Both the Autism Rights Movement and neurodiversity advocates believe that autism is genetic and we should accept it as an expression of the human genome. This differs from two other distinct views:

  1. The mainstream perspective – the perspective that autism is caused by a genetic defect and should be cured by targeting the autism gene(s).
  2. The fringe theory – the theory that autism is caused by environmental factors like vaccines and pollution and should be cured through addressing these factors.

The Autism Rights Movement also believe that the idea of ‘curing’ autism is offensive – it’s not a disorder and autistic genes are not a thing we should work to eliminate.

Group of friends drinking coffee in cafe


Why is Neurodiversity in Autism So Important?

Neurodiversity presents many benefits for autistic people. It not only encourages greater equality, but it discourages seeing autistic people as ‘different’ to everybody else.

In fact, embracing neurodiversity is positive in everyday life:

  • It celebrates people for who they are and doesn’t make them feel disadvantaged.
  • It moves away from the ‘suffering’ approach that’s sadly associated with people with disabilities. Instead, it embraces their differences and encourages them to live life to the full.
  • Businesses will begin to encourage applications from people who may not have applied before, in turn closing the disability employment gap.
  • It can help to create workplaces that are more equal and representative. In doing so, it increases awareness of the condition in both workplace as well as public environments.
  • It promotes a more equal way of thinking about people with autism.
  • It makes people more aware of the language they use surrounding autism.

The language we use is especially important.

The terminology that we use to discuss autism is integral to the neurodiversity and autism rights movements. This is because how we speak about it is strongly tied to how we think about it.

Being autistic, according to Jim Sinclair, is ‘a way of being’ that isn’t separable from the person. He says, “autism goes deeper than language and culture; autistic people are “foreigners” in any society.” Autism “colours every experience, every sensation, perception, thought, emotion, and encounter, every aspect of existence” for autistic people.

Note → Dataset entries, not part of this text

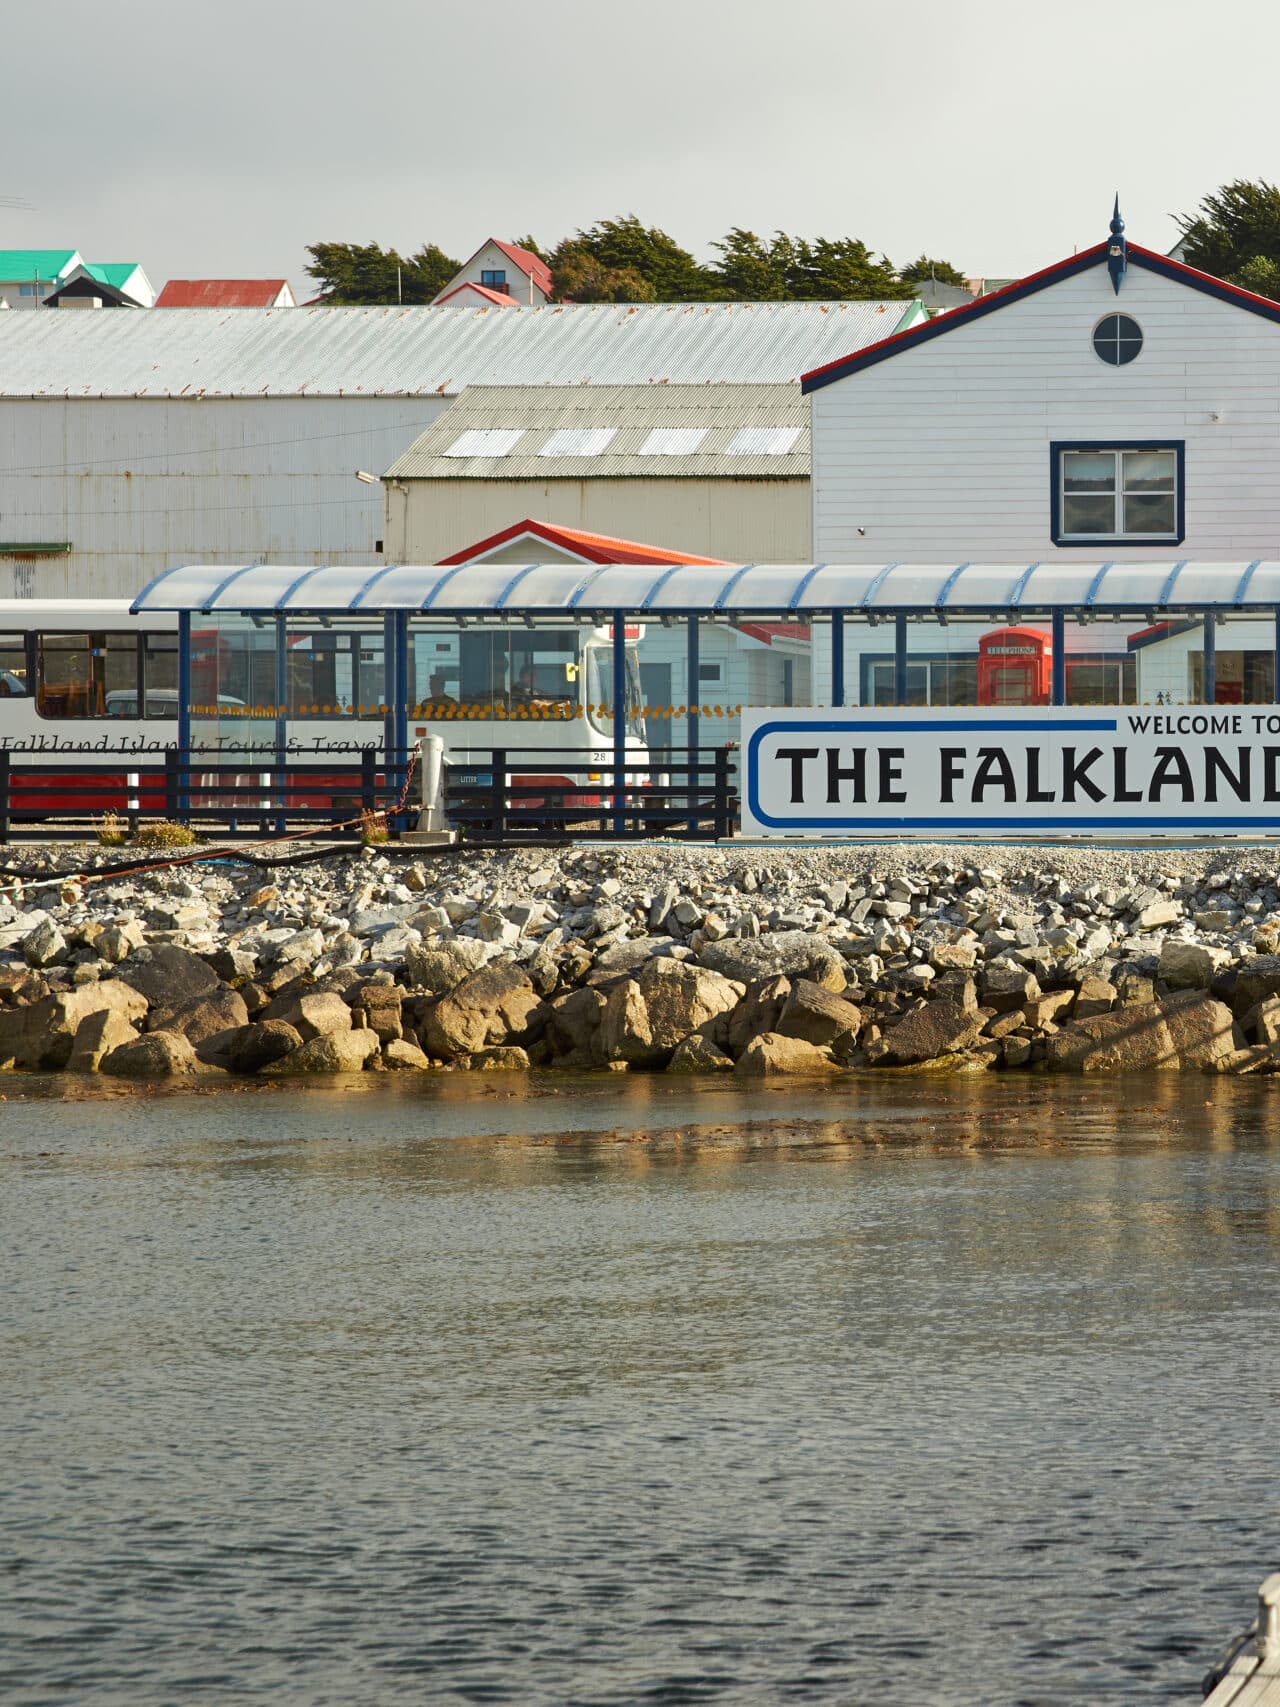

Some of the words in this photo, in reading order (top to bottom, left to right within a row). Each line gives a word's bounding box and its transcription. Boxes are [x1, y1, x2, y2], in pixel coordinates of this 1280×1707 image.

[1128, 716, 1242, 735] WELCOME
[1, 735, 114, 753] Falkland
[215, 736, 278, 756] Tours
[312, 735, 385, 754] Travel
[593, 753, 606, 762] 28
[460, 775, 477, 783] LITTER
[775, 748, 907, 803] THE
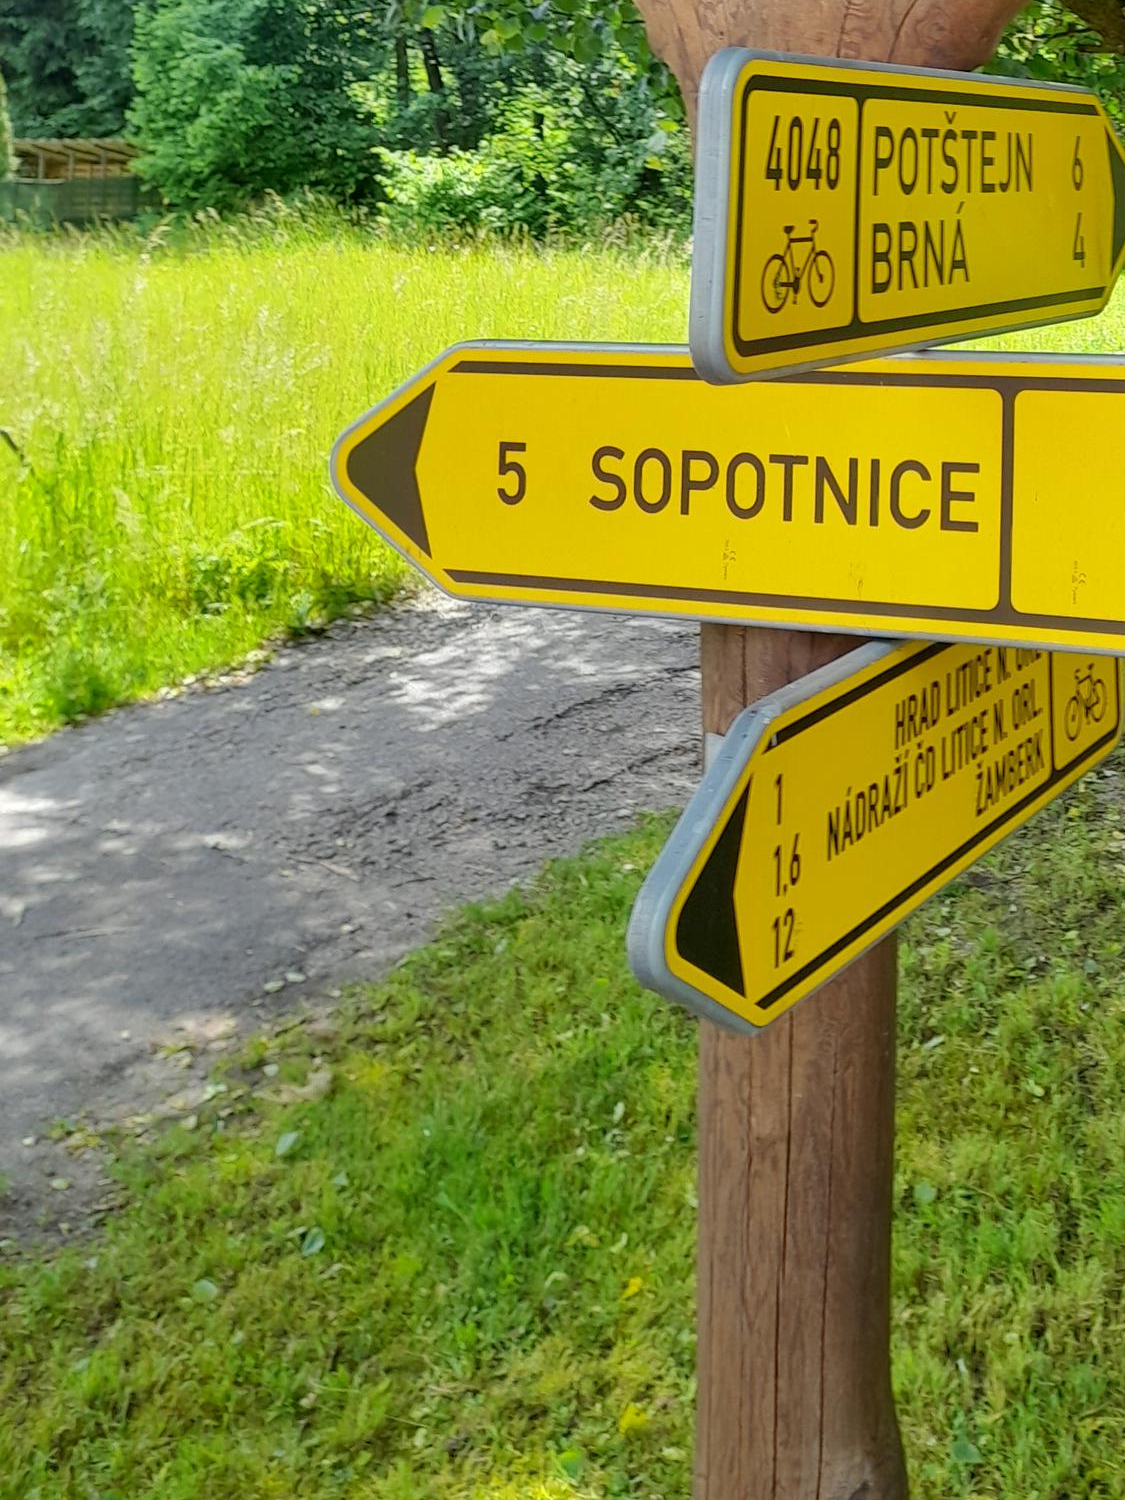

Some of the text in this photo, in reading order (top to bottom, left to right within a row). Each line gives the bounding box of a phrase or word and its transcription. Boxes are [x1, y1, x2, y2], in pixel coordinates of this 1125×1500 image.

[764, 115, 841, 191] 4048
[873, 111, 1083, 196] POTŠTEJN 6
[871, 201, 1085, 294] BRNÁ 4
[497, 441, 980, 533] 5 SOPOTNICE
[774, 773, 783, 825] 1
[895, 679, 940, 750] HRAD
[946, 648, 992, 717] LITICE
[826, 749, 909, 861] NÁDRAŽÍ
[914, 740, 936, 799] ČD
[941, 708, 989, 781] LITICE
[993, 699, 1008, 745] N.
[772, 729, 1045, 969] 12 ŽAMBERK

He asserts that autistic people are not ‘people with autism.’ They are just people. You cannot separate the autism, in the same way that you wouldn’t say ‘people with blackness’. Sinclair states that we only choose to separate the characteristic from the person when we see the characteristic as negative.

Therefore, once we stop seeing autism as a negative characteristic, the language we use to discuss it will change.


The Controversy Behind the Neurodiversity Movement

Despite its benefits, the neurodiversity movement does have a selection of weaknesses and issues it doesn’t address. It’s also been the focus of much debate and criticism in recent years.

Many people believe that, in the media, we only document people who are ‘autistic geniuses’. TV programmes with autistic characteristics, such as Sheldon in ‘The Big Bang Theory’,  are all over screens. However, these representations still feed the idea of the ‘autistic genius’, allowing those who don’t meet this category to be unrepresented. This dismisses varied abilities whilst promoting only exceptional qualities.

Autism manifests itself differently in every person, so it’s essential that we consider and represent everyone. Furthermore, the autistic spectrum is so vast that one approach cannot account for everyone. Some autistic people may require a large amount of lifelong support, whereas others can live independently.

To really move forwards and promote equality for autistic people, we need to ask them and listen to their answers. Only then will progress happen.